Wherever a picture appears in the listing, leave it out, and copy the rest exactly.

◇ ◇ ◇ ◇ ◇ ◇ ◇

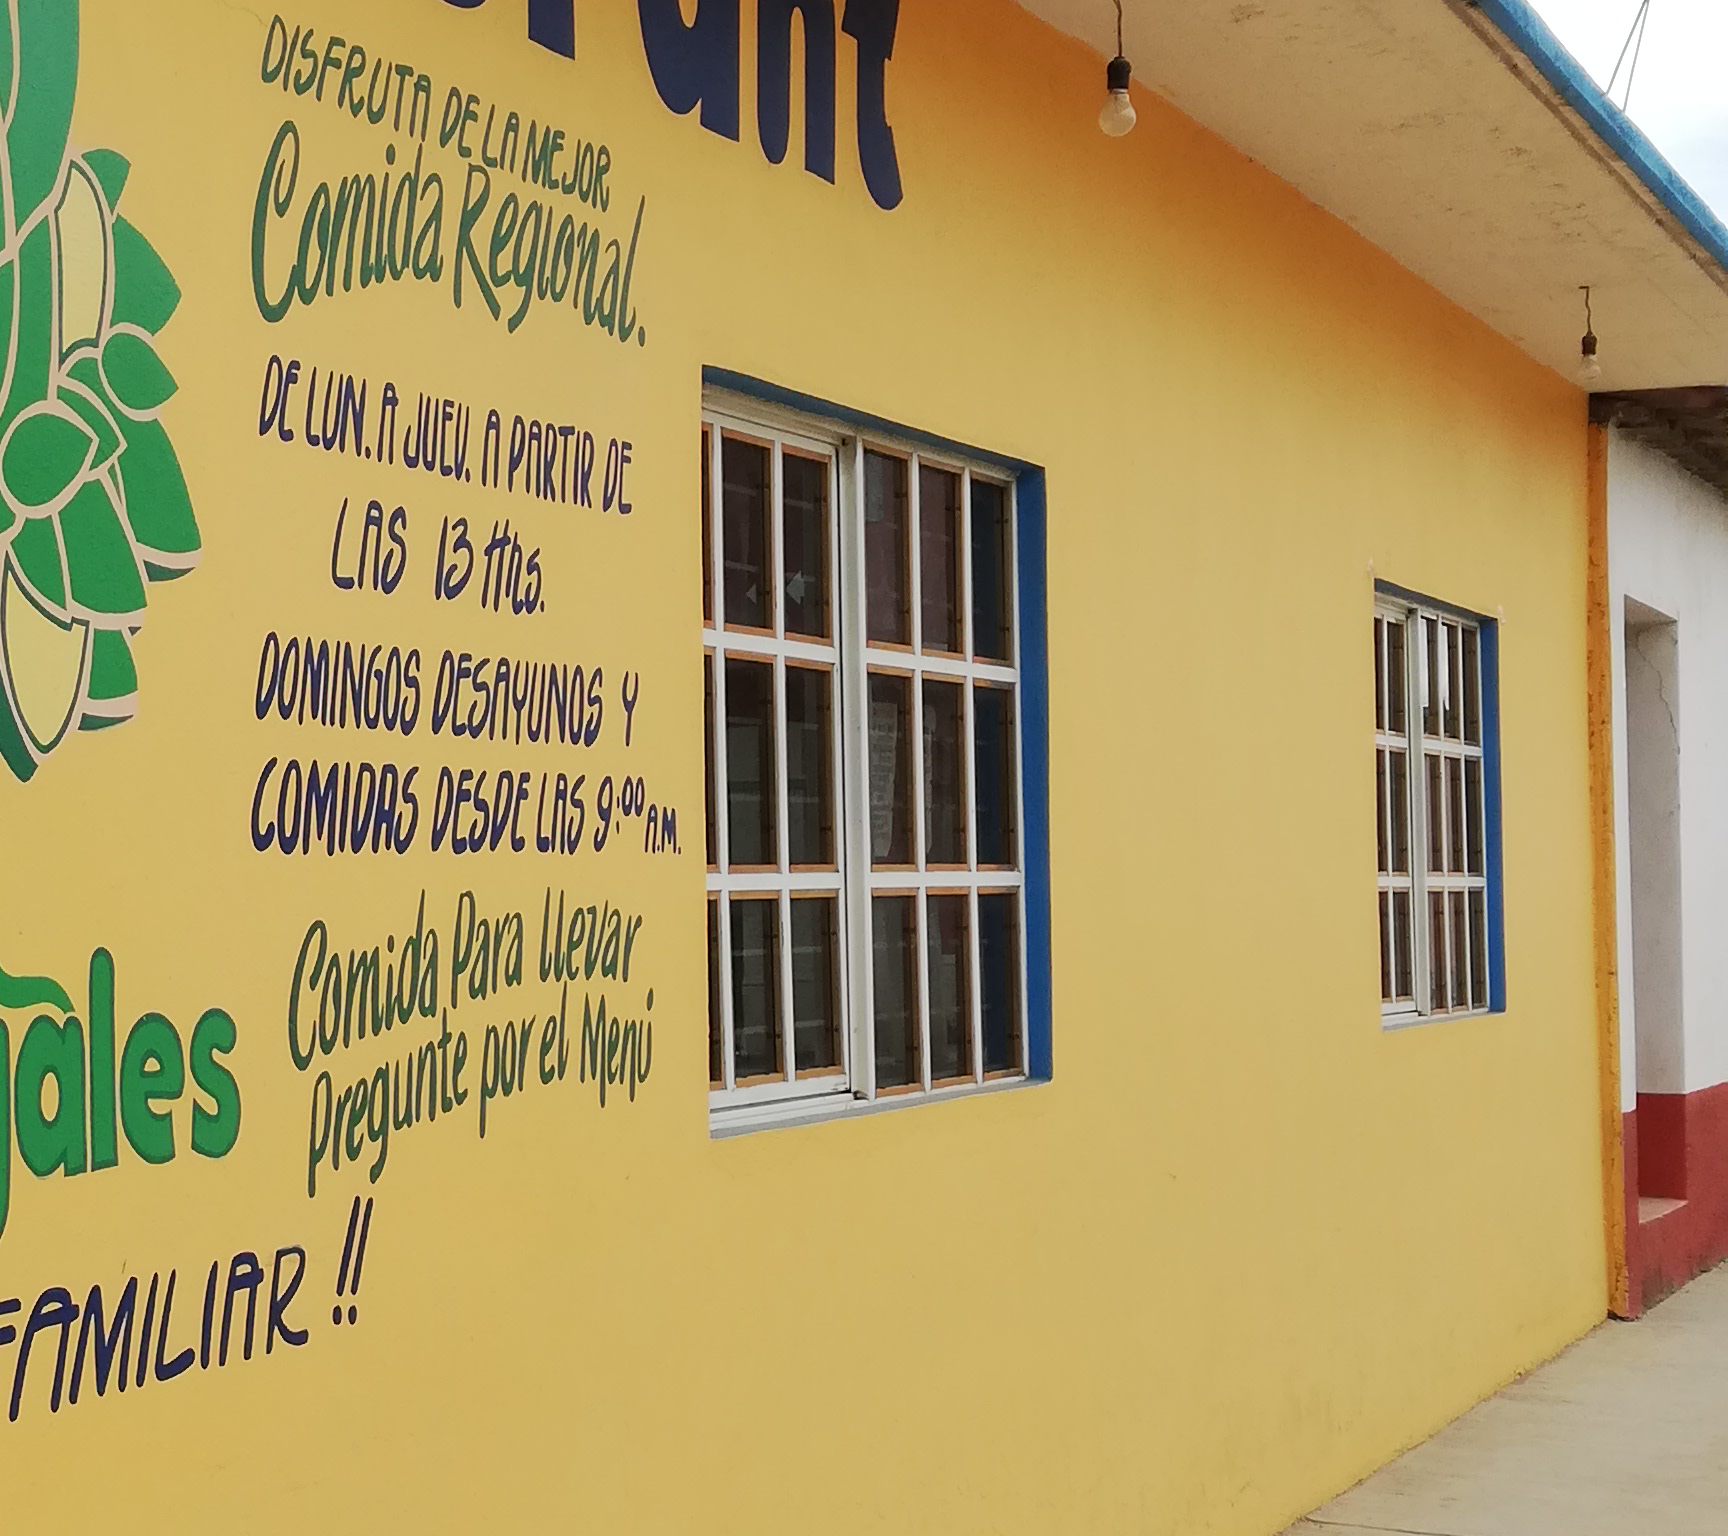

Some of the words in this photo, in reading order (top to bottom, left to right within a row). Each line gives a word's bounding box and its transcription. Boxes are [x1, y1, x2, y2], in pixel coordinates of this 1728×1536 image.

[261, 15, 431, 145] DISFRUTA
[440, 87, 480, 159] DE
[482, 104, 520, 174] LA
[522, 120, 611, 211] MEJOR
[251, 120, 444, 323] Comida
[455, 163, 647, 348] Regional.
[259, 355, 301, 442] DE
[305, 366, 372, 459] LUN.
[376, 381, 399, 464] A
[481, 409, 500, 488] A
[508, 416, 594, 509] PARTIR
[603, 438, 633, 515] DE
[331, 497, 408, 595] LAS
[435, 516, 474, 600] 13
[255, 631, 421, 737] DOMINGOS
[431, 650, 603, 747] DESAYUNOS
[622, 670, 639, 747] Y
[251, 757, 419, 856] COMIDAS
[431, 769, 529, 855] DESDE
[535, 772, 586, 855] LAS
[288, 889, 438, 1071] Comida
[451, 890, 523, 1008] Para
[480, 1015, 537, 1138] por
[541, 981, 569, 1085] el

◇ ◇ ◇ ◇ ◇ ◇ ◇

■ EXERCISE ANSWER:
Some of the words in this photo, in reading order (top to bottom, left to right within a row). Each line gives a word's bounding box and its transcription. Boxes are [x1, y1, x2, y2], in pixel coordinates of this 1728×1536 image.

[261, 15, 431, 145] DISFRUTA
[440, 87, 480, 159] DE
[482, 104, 520, 174] LA
[522, 120, 611, 211] MEJOR
[251, 120, 444, 323] Comida
[455, 163, 647, 348] Regional.
[259, 355, 301, 442] DE
[305, 366, 372, 459] LUN.
[376, 381, 399, 464] A
[481, 409, 500, 488] A
[508, 416, 594, 509] PARTIR
[603, 438, 633, 515] DE
[331, 497, 408, 595] LAS
[435, 516, 474, 600] 13
[255, 631, 421, 737] DOMINGOS
[431, 650, 603, 747] DESAYUNOS
[622, 670, 639, 747] Y
[251, 757, 419, 856] COMIDAS
[431, 769, 529, 855] DESDE
[535, 772, 586, 855] LAS
[288, 889, 438, 1071] Comida
[451, 890, 523, 1008] Para
[480, 1015, 537, 1138] por
[541, 981, 569, 1085] el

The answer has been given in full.